Genetic disease of cystic fibrosis
The disease in question is also called cystic fibrosis. It is characterized by a high density and a strong viscosity of mucus, which covers the hollow organs. As a result of this process, secretion stagnates, and pathogenic bacteria that cause inflammation actively multiply.
Cystic fibrosis of the lung has a single cause - damage to the seventh chromosome (long arm). According to statistics, the carrier of this disease is every twentieth person on the planet.
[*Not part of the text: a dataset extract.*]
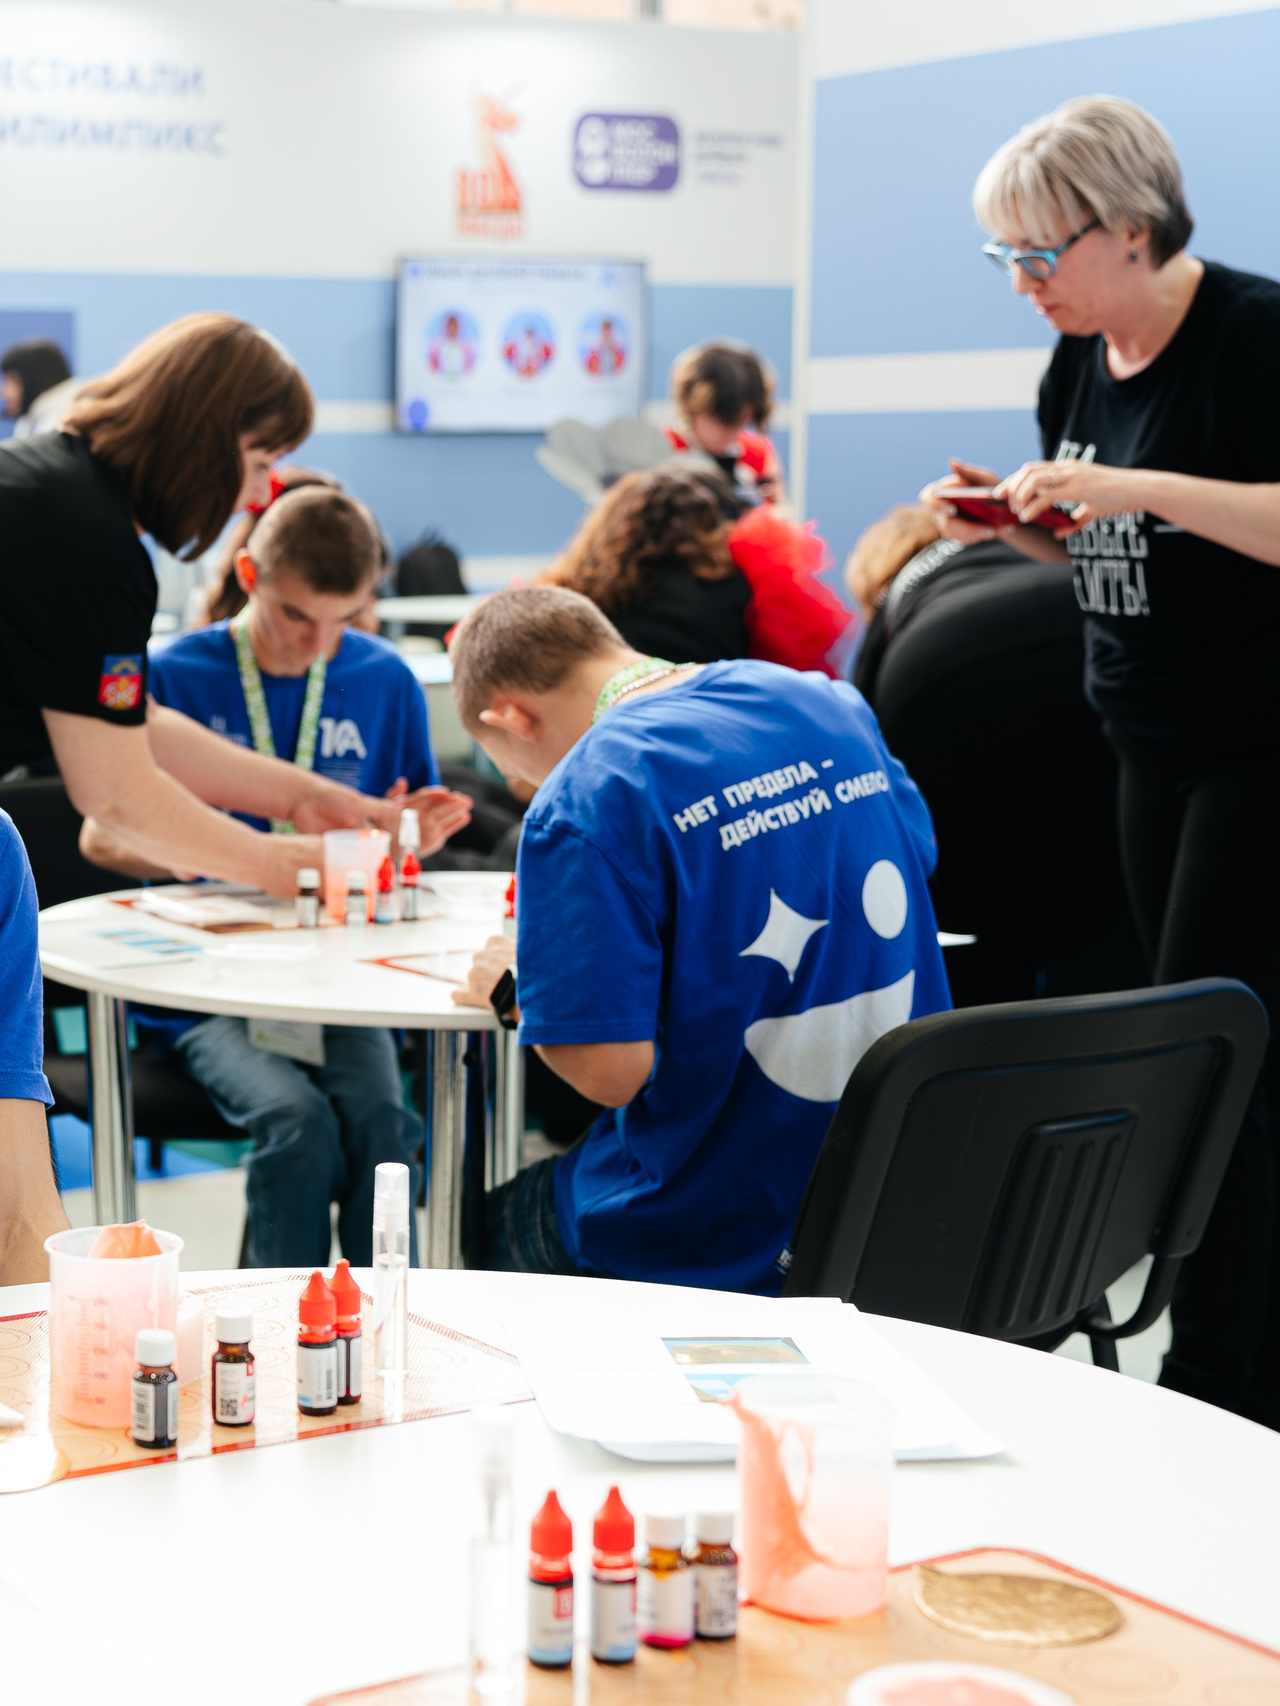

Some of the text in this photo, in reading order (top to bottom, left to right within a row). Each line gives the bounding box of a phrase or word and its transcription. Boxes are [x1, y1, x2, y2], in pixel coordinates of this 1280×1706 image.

[673, 795, 718, 833] НЕТ
[722, 760, 818, 808] ПРЕДЕЛА
[719, 769, 890, 851] ДЕЙСТВУЙ СМЕЛО
The probability of the disease is 25%, provided that both parents have a damaged gene.
There are 3 forms of this ailment:
- intestinal cystic fibrosis;
- pulmonary or respiratory cystic fibrosis;
- mixed type (pulmonary cystic fibrosis).
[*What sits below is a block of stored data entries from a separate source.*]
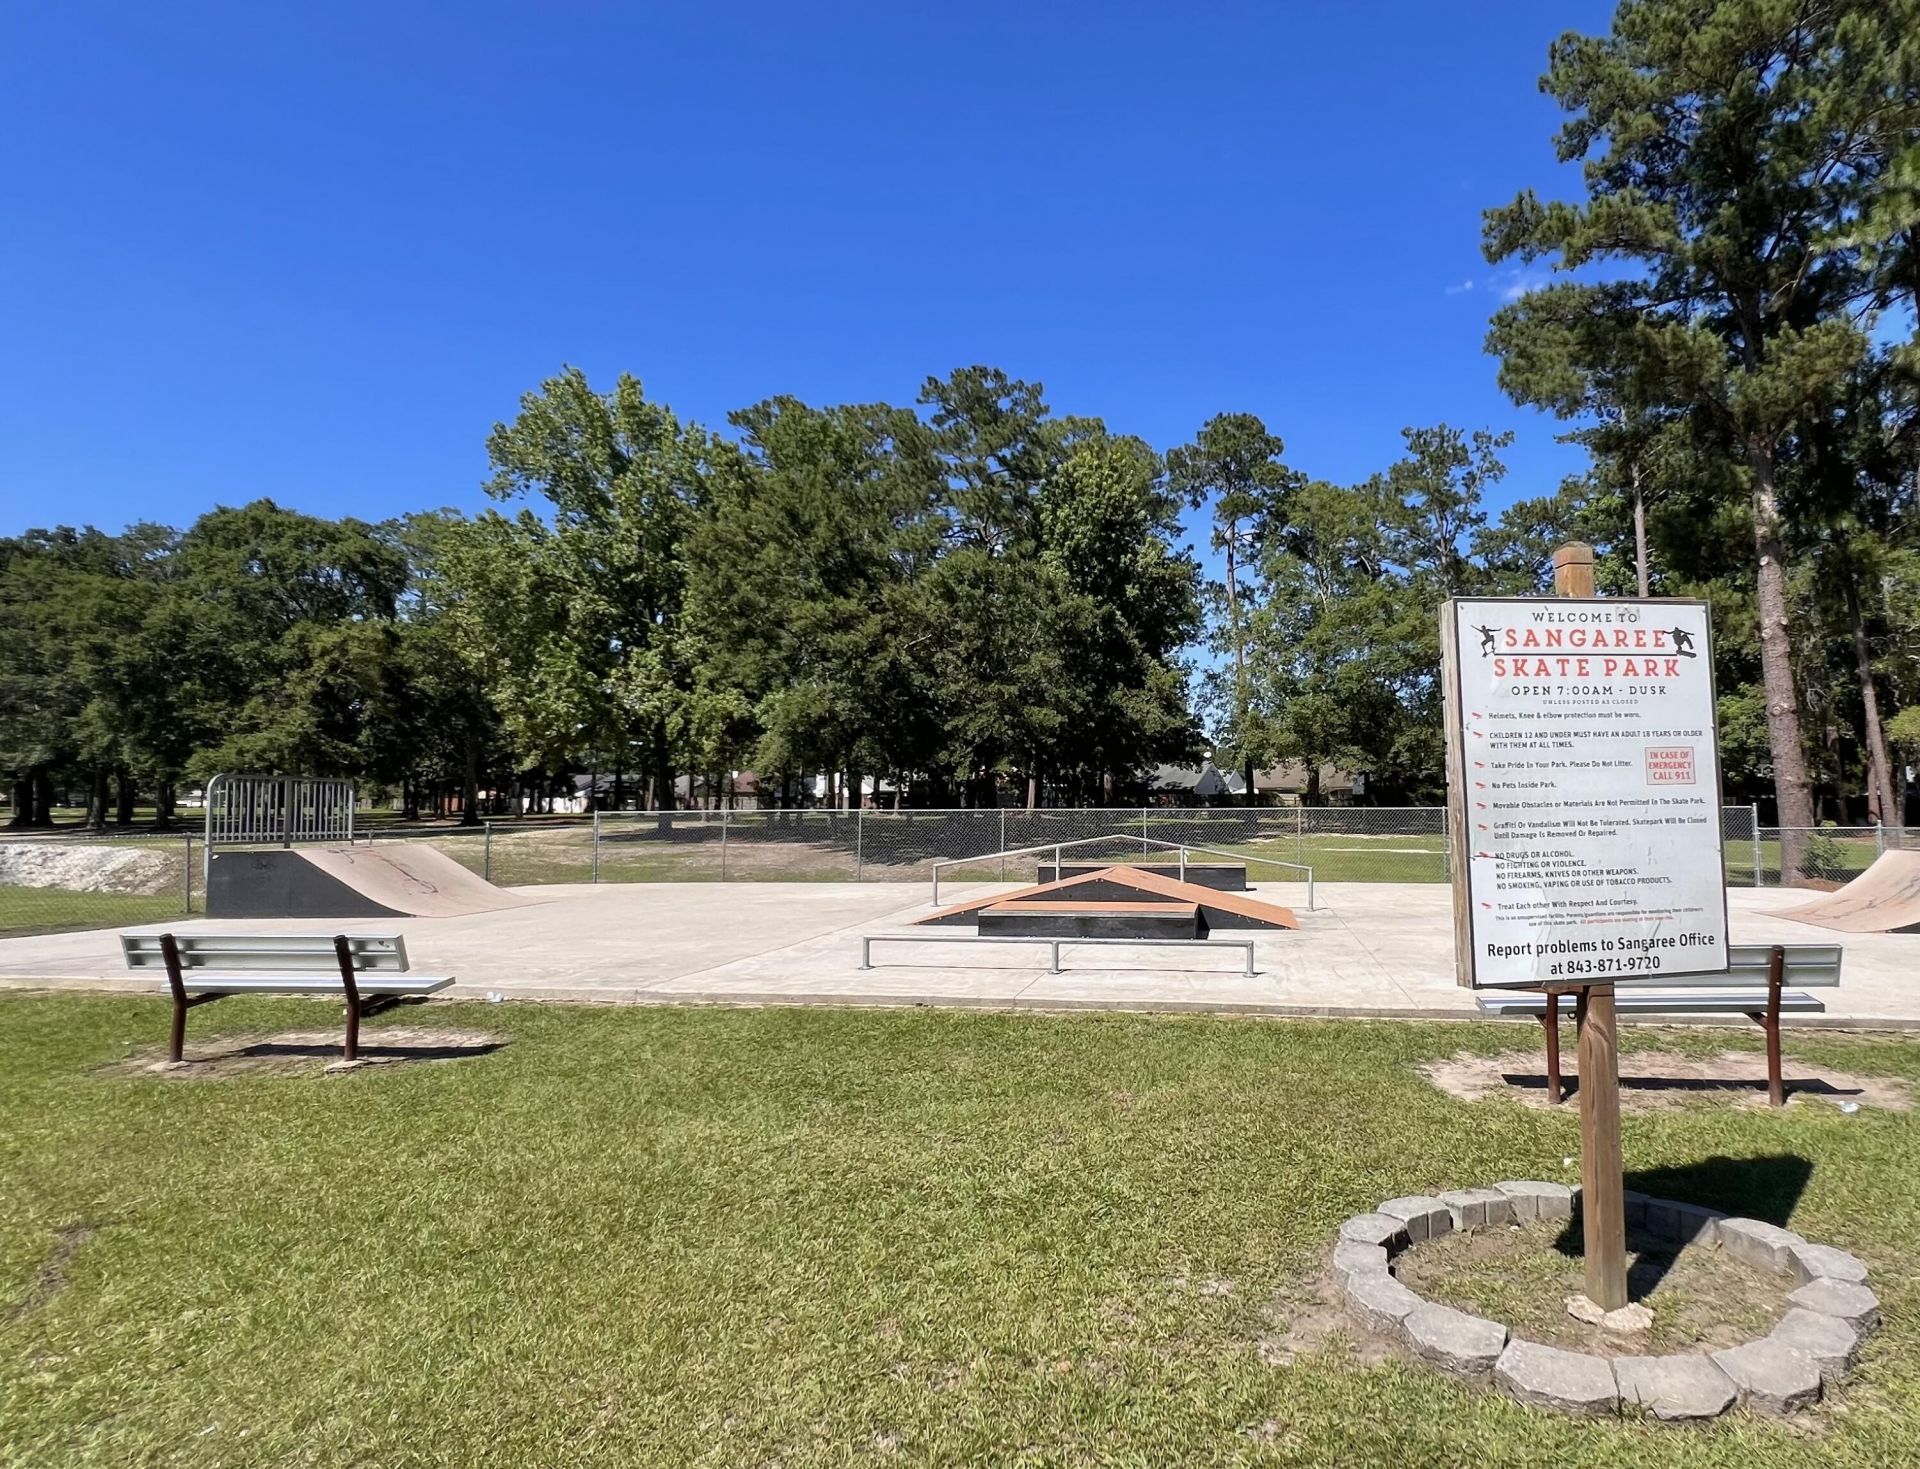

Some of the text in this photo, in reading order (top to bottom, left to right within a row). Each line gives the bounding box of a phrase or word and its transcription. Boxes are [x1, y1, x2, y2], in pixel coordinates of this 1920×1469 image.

[1532, 612, 1638, 623] WELCOME TO
[1505, 629, 1666, 648] SANGAREE
[1494, 658, 1680, 677] SKATE PARK
[1511, 686, 1551, 695] OPEN
[1557, 686, 1613, 695] 7:00AM
[1629, 686, 1667, 695] DUSK
[1569, 901, 1594, 909] Respect
[1488, 933, 1715, 959] Report problems to Sangaree Office
[1550, 956, 1660, 975] at 843-871-9720
Cystic fibrosis of the lungs - symptoms
The main signs of the disease:
- excretion of viscous, thick sputum during coughing;
- frequent exacerbations of pneumonia, bronchitis, pneumonia;
- disruption of the intestine;
- dehydration;
- pain, discomfort in the stomach;
- increased appetite with insufficient weight and physical development;
- sexual disorders;
- pancreatitis ;
- thickening of fingers on hands;
- liver disease;
- diabetes;
- sinusitis ;
- fragility of bones;
- prolapse of the intestine (straight).
The pulmonary form of cystic fibrosis manifests itself in the first 2 years of life, it is characterized by a large amount of secretion in the middle and small bronchi of the child.
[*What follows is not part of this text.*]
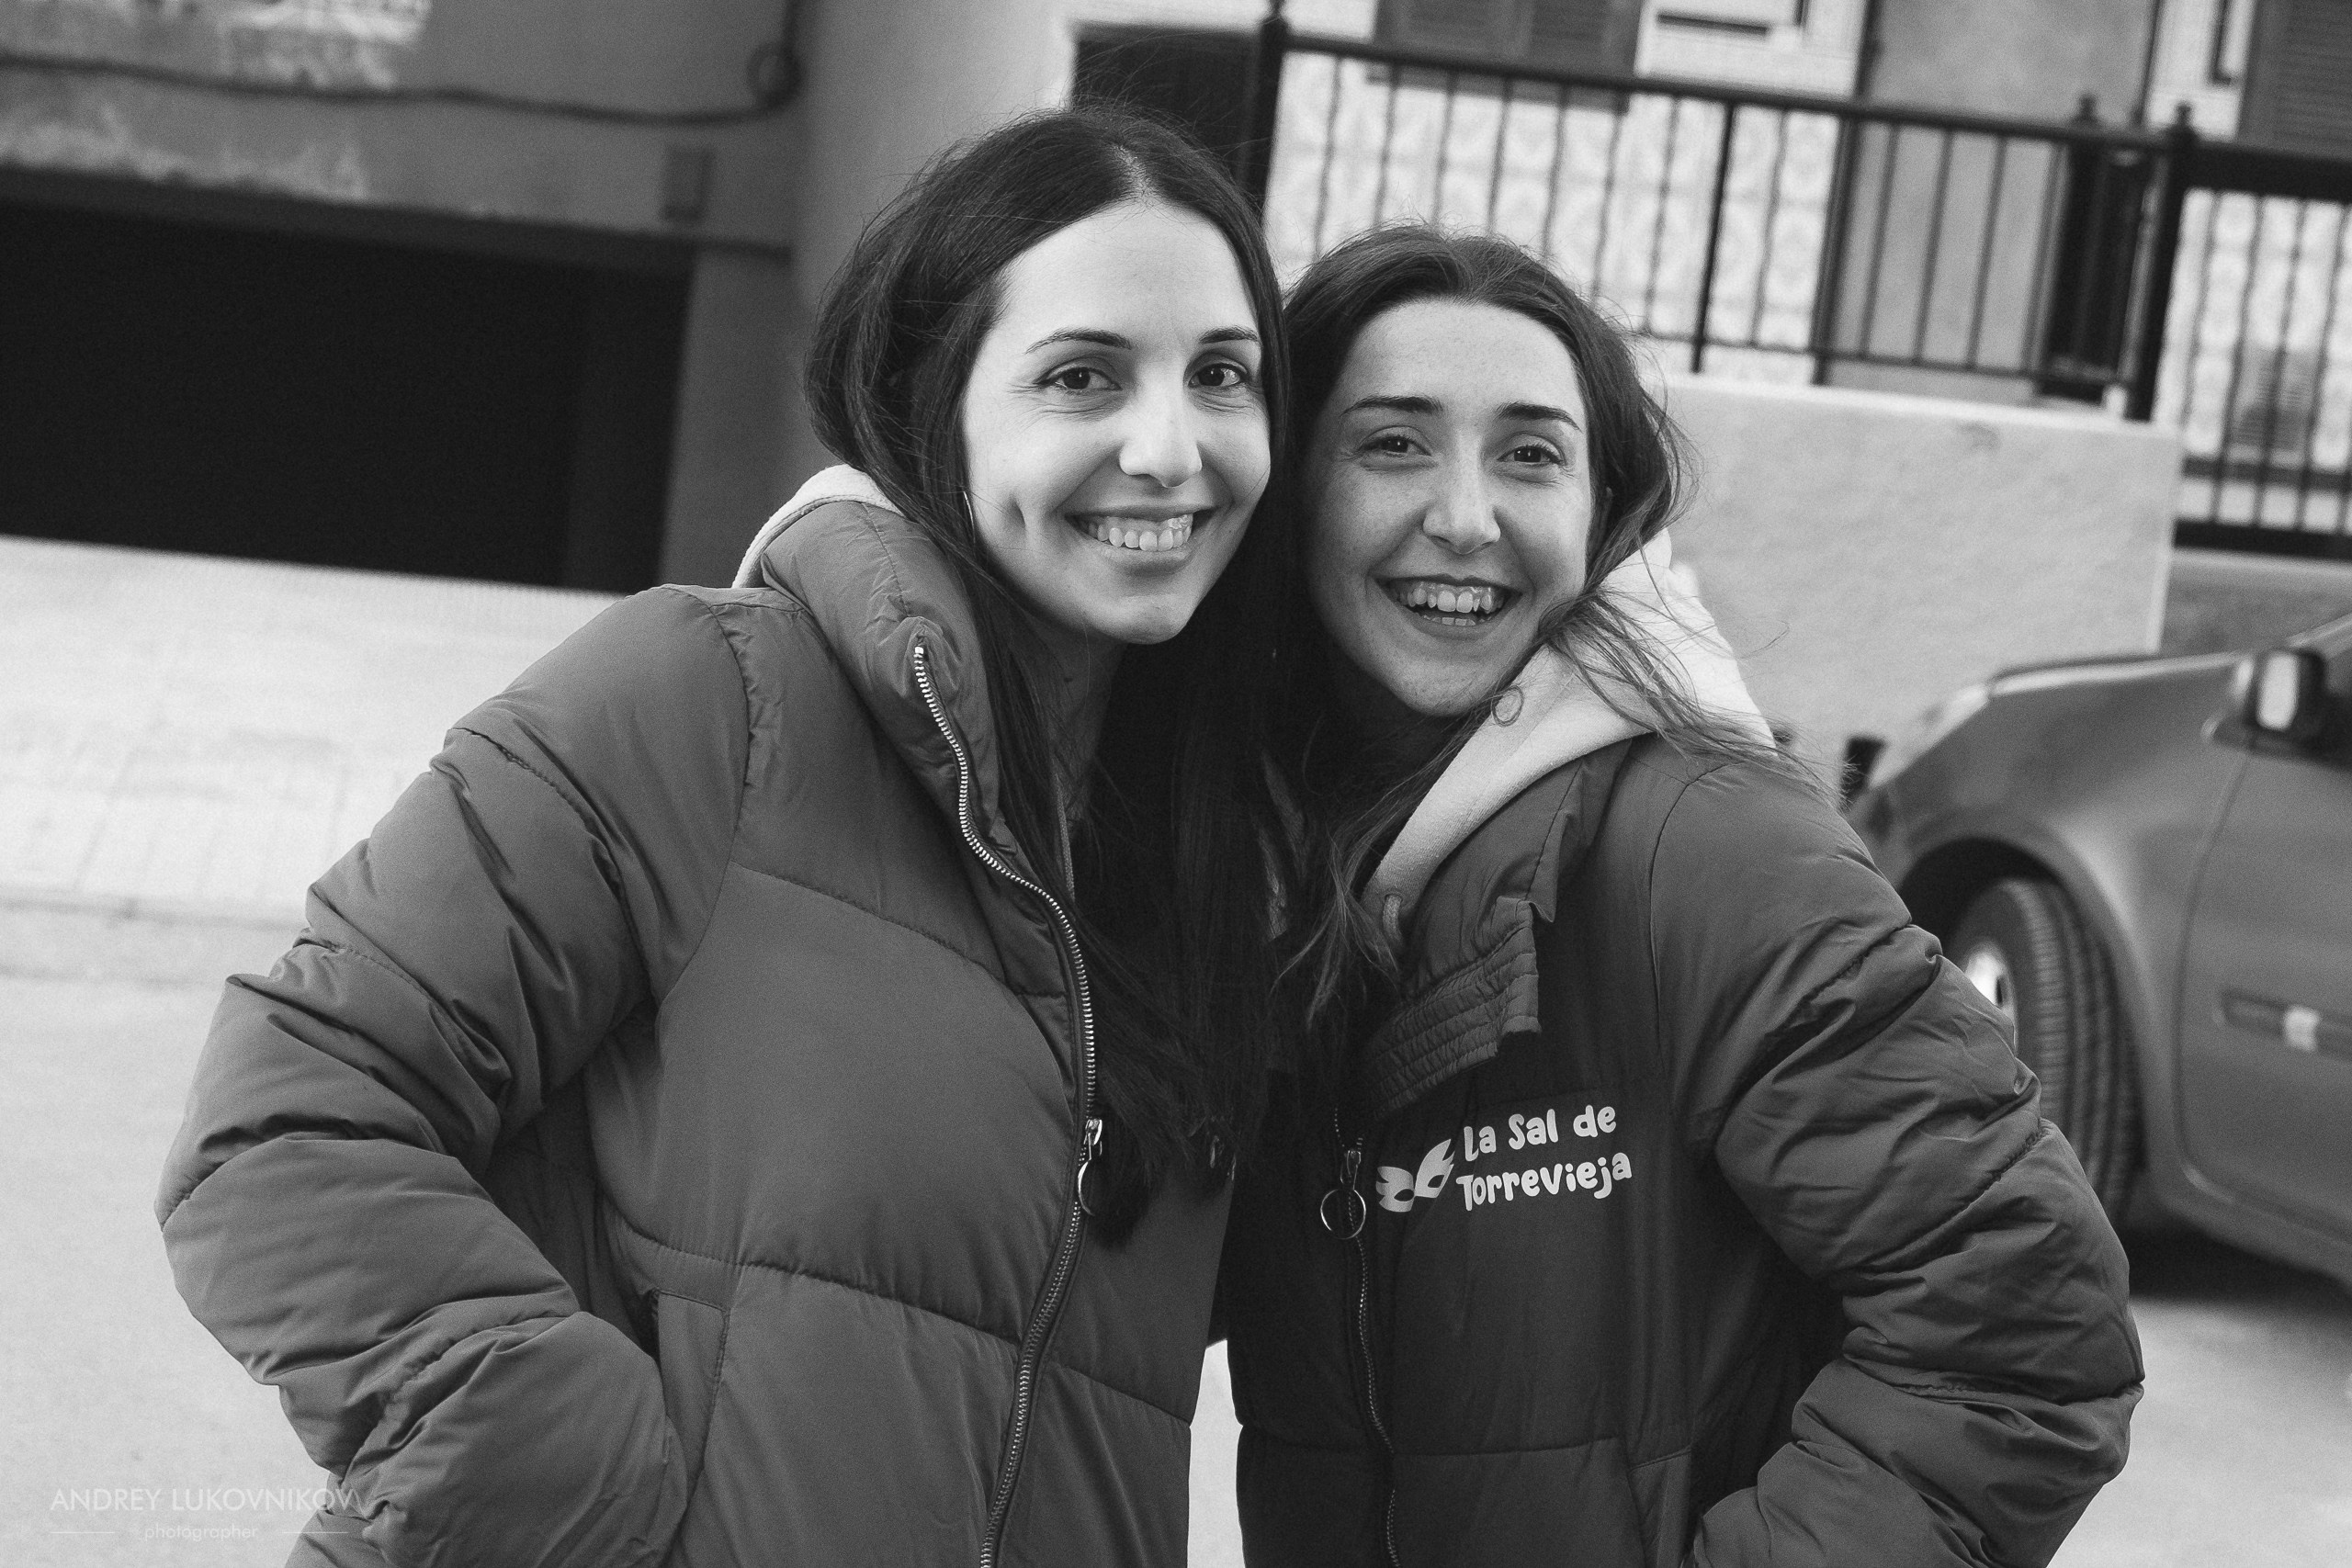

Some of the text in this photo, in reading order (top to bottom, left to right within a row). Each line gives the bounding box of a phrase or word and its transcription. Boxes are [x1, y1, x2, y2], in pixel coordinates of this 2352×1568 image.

[1464, 1104, 1617, 1162] La Sal de
[1455, 1152, 1633, 1212] Torrevieja
Cystic Fibrosis - Diagnosis and Analysis
The diagnosis is made with four main criteria.
First of all, the presence of the damaged gene in the parents and cases of the incidence in the family are checked. Positive results, as well as the detection of chronic inflammatory processes in the lungs and bronchi, the presence of intestinal syndrome, give grounds for conducting a sweat test. It consists in determining the level of salts in the fluid released by the pores. To perform the procedure, a small area on the arm (above the elbow) is treated with a special drug called pilocarpine. An electrode is attached to this zone, provoking the release of sweat, which is isolated by plastic or heat-retaining tissue, creating the effect of the sauna. After about 40 minutes, the produced liquid is subjected to salt analysis. If its level exceeds the established limits, a final diagnosis is made.
Cystic fibrosis of the lung - treatment
The nature of the disease does not allow to cure it completely, the therapy is aimed at systematic elimination of symptoms and requires an integrated approach. Treatment consists of the following activities:
- long courses of antibiotics;
- reception mucolytics;
- kinesitherapy;
- Inhalation of corticosteroid hormones and beta mimetics;
- use of bronchodilator;
- performing respiratory exercises;
- correction of the diet with an increase in daily allowance by 10-15%;
- autogenous lung drainage;
- bug-massage;
- reception of vitamins and microelements.
Radical and most effective at the moment the method of treatment is lung transplantation. In addition, medical research is constantly being conducted to correct the most damaged gene through artificially created viruses.